DESCRIPTION OF THE TASK: Nothing in the data should change when you return it, but leave the pictures out.

Stored dataset items:
· · · · ·
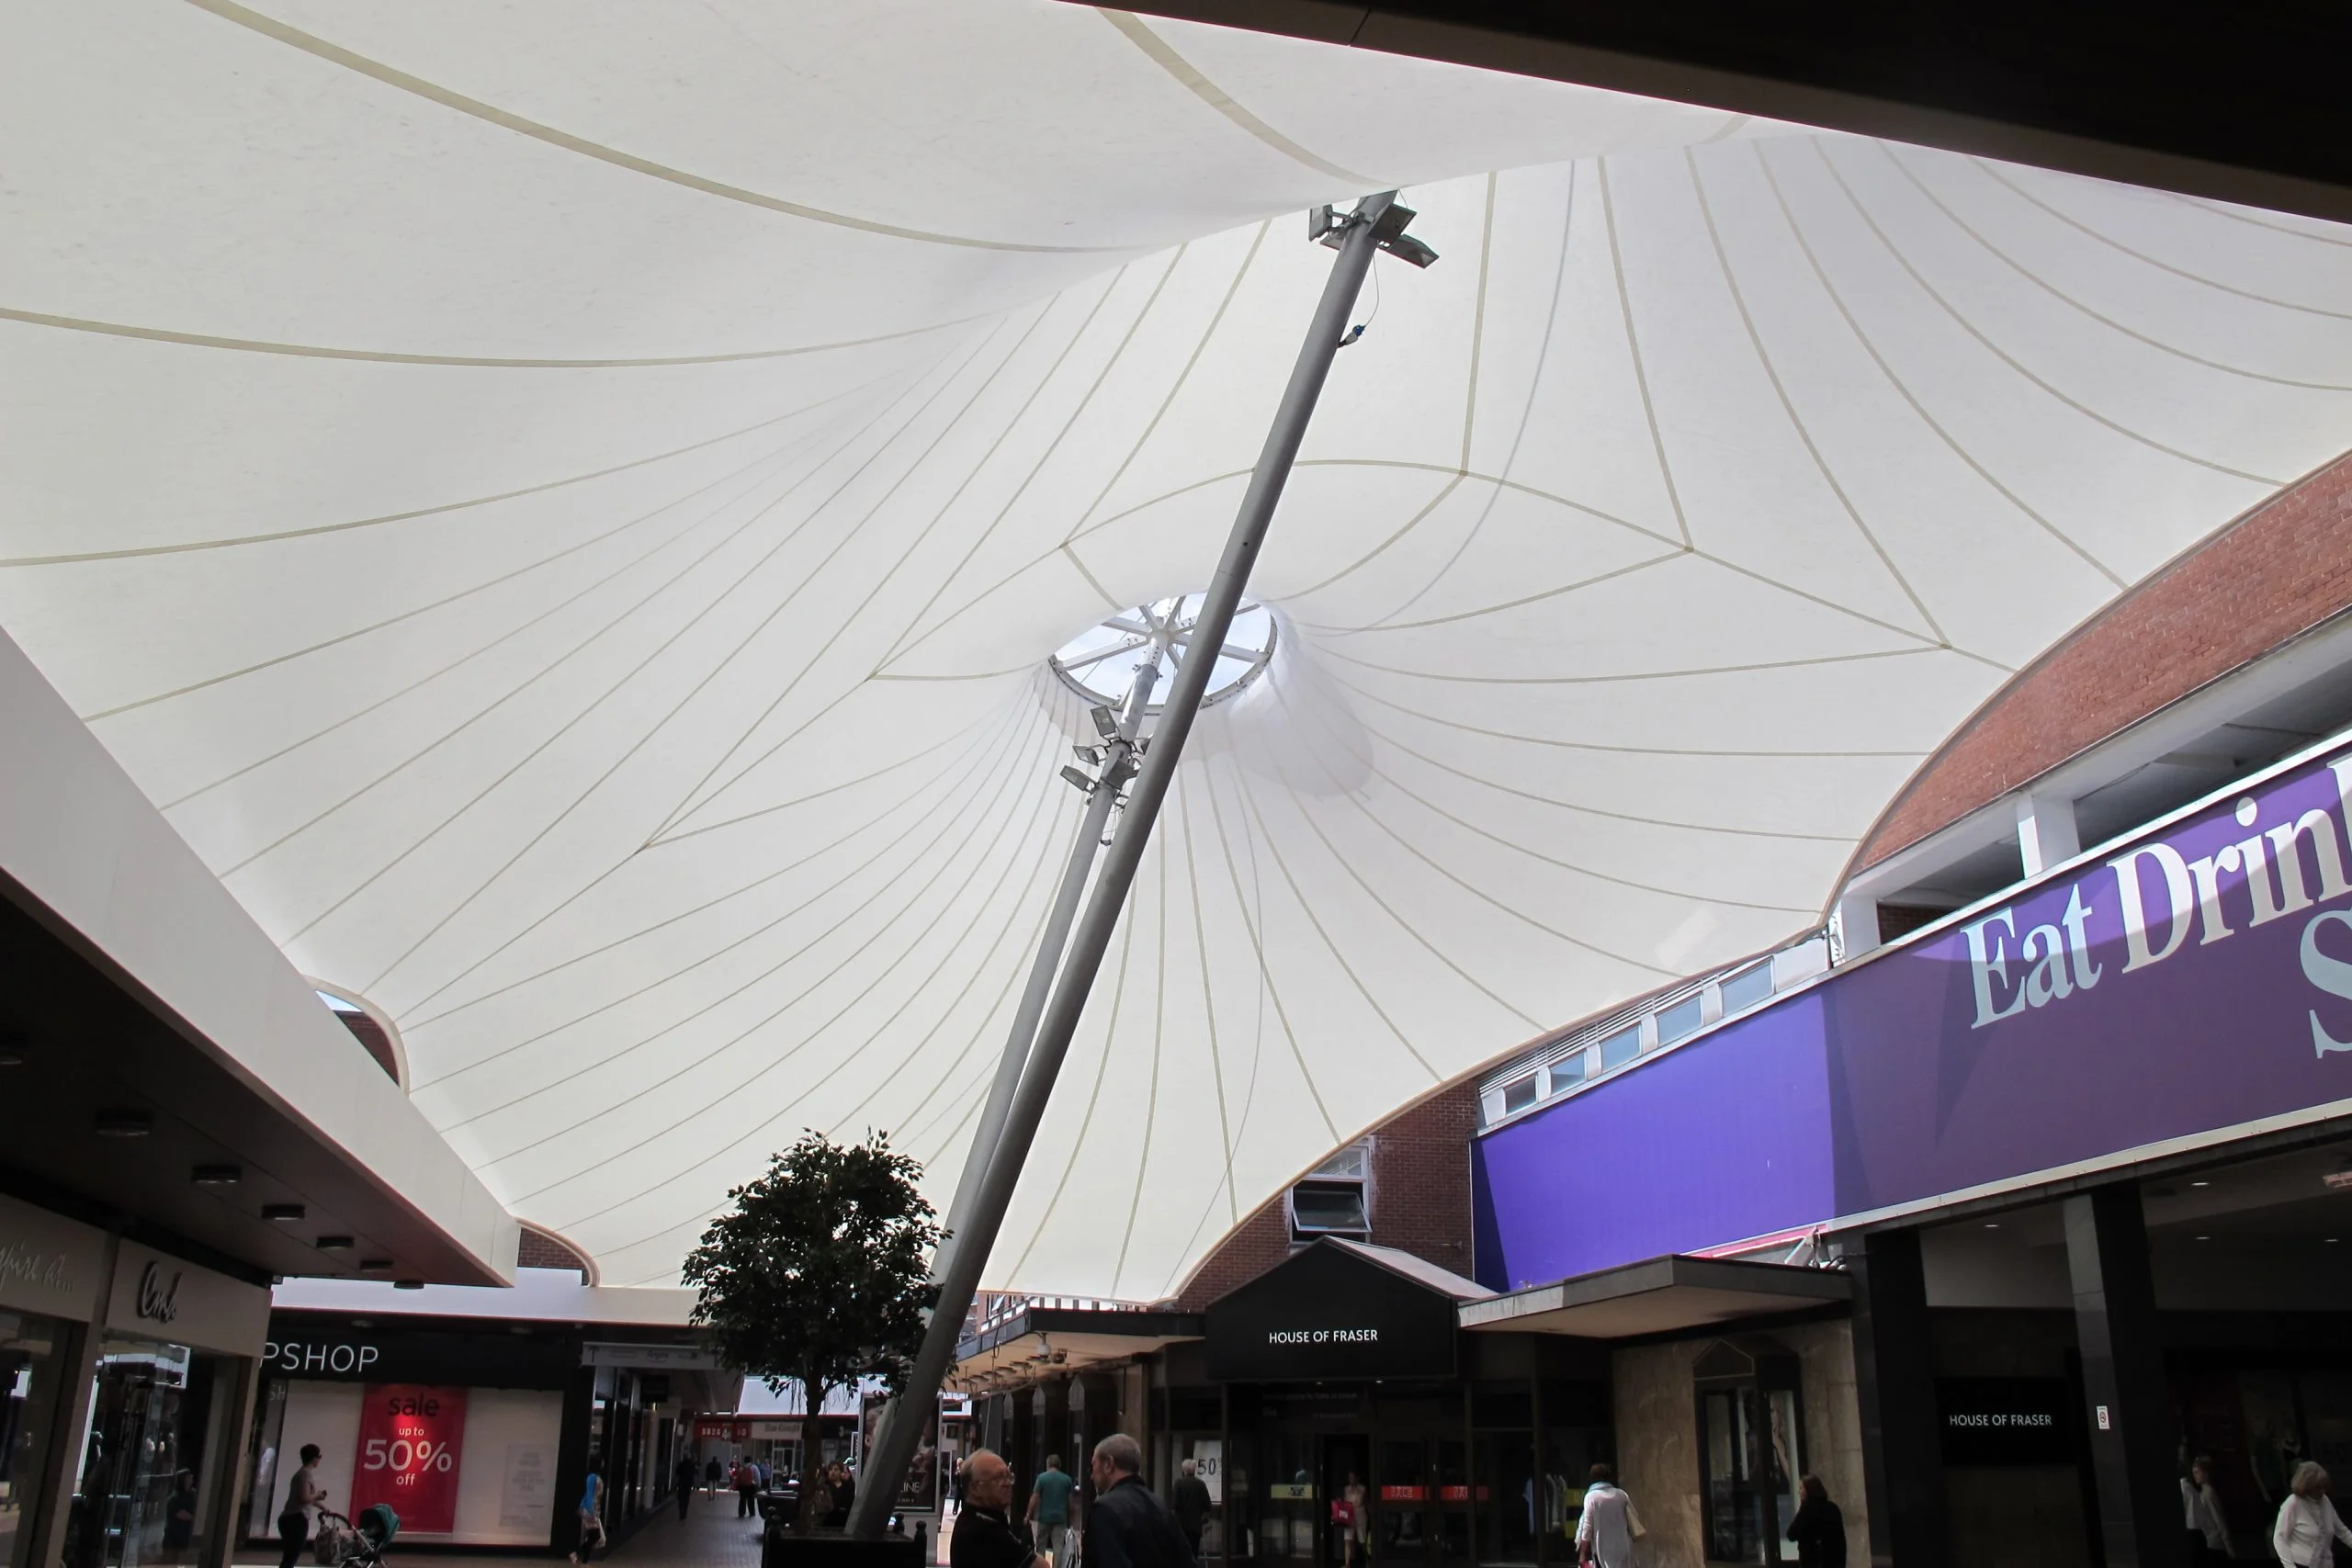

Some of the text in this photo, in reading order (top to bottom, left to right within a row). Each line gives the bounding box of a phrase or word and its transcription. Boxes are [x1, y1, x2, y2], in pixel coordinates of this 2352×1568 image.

[1960, 759, 2352, 1030] Eat Drin
[1269, 1329, 1378, 1344] HOUSE OF FRASER
[388, 1393, 441, 1417] sale
[1950, 1414, 2052, 1426] HOUSE OF FRASER
[399, 1427, 424, 1437] up to
[363, 1439, 452, 1473] 50%
[396, 1473, 416, 1485] off
· · · · ·
COMPLETED EXERCISE:
Some of the text in this photo, in reading order (top to bottom, left to right within a row). Each line gives the bounding box of a phrase or word and its transcription. Boxes are [x1, y1, x2, y2], in pixel coordinates of this 2352×1568 image.

[1960, 759, 2352, 1030] Eat Drin
[1269, 1329, 1378, 1344] HOUSE OF FRASER
[388, 1393, 441, 1417] sale
[1950, 1414, 2052, 1426] HOUSE OF FRASER
[399, 1427, 424, 1437] up to
[363, 1439, 452, 1473] 50%
[396, 1473, 416, 1485] off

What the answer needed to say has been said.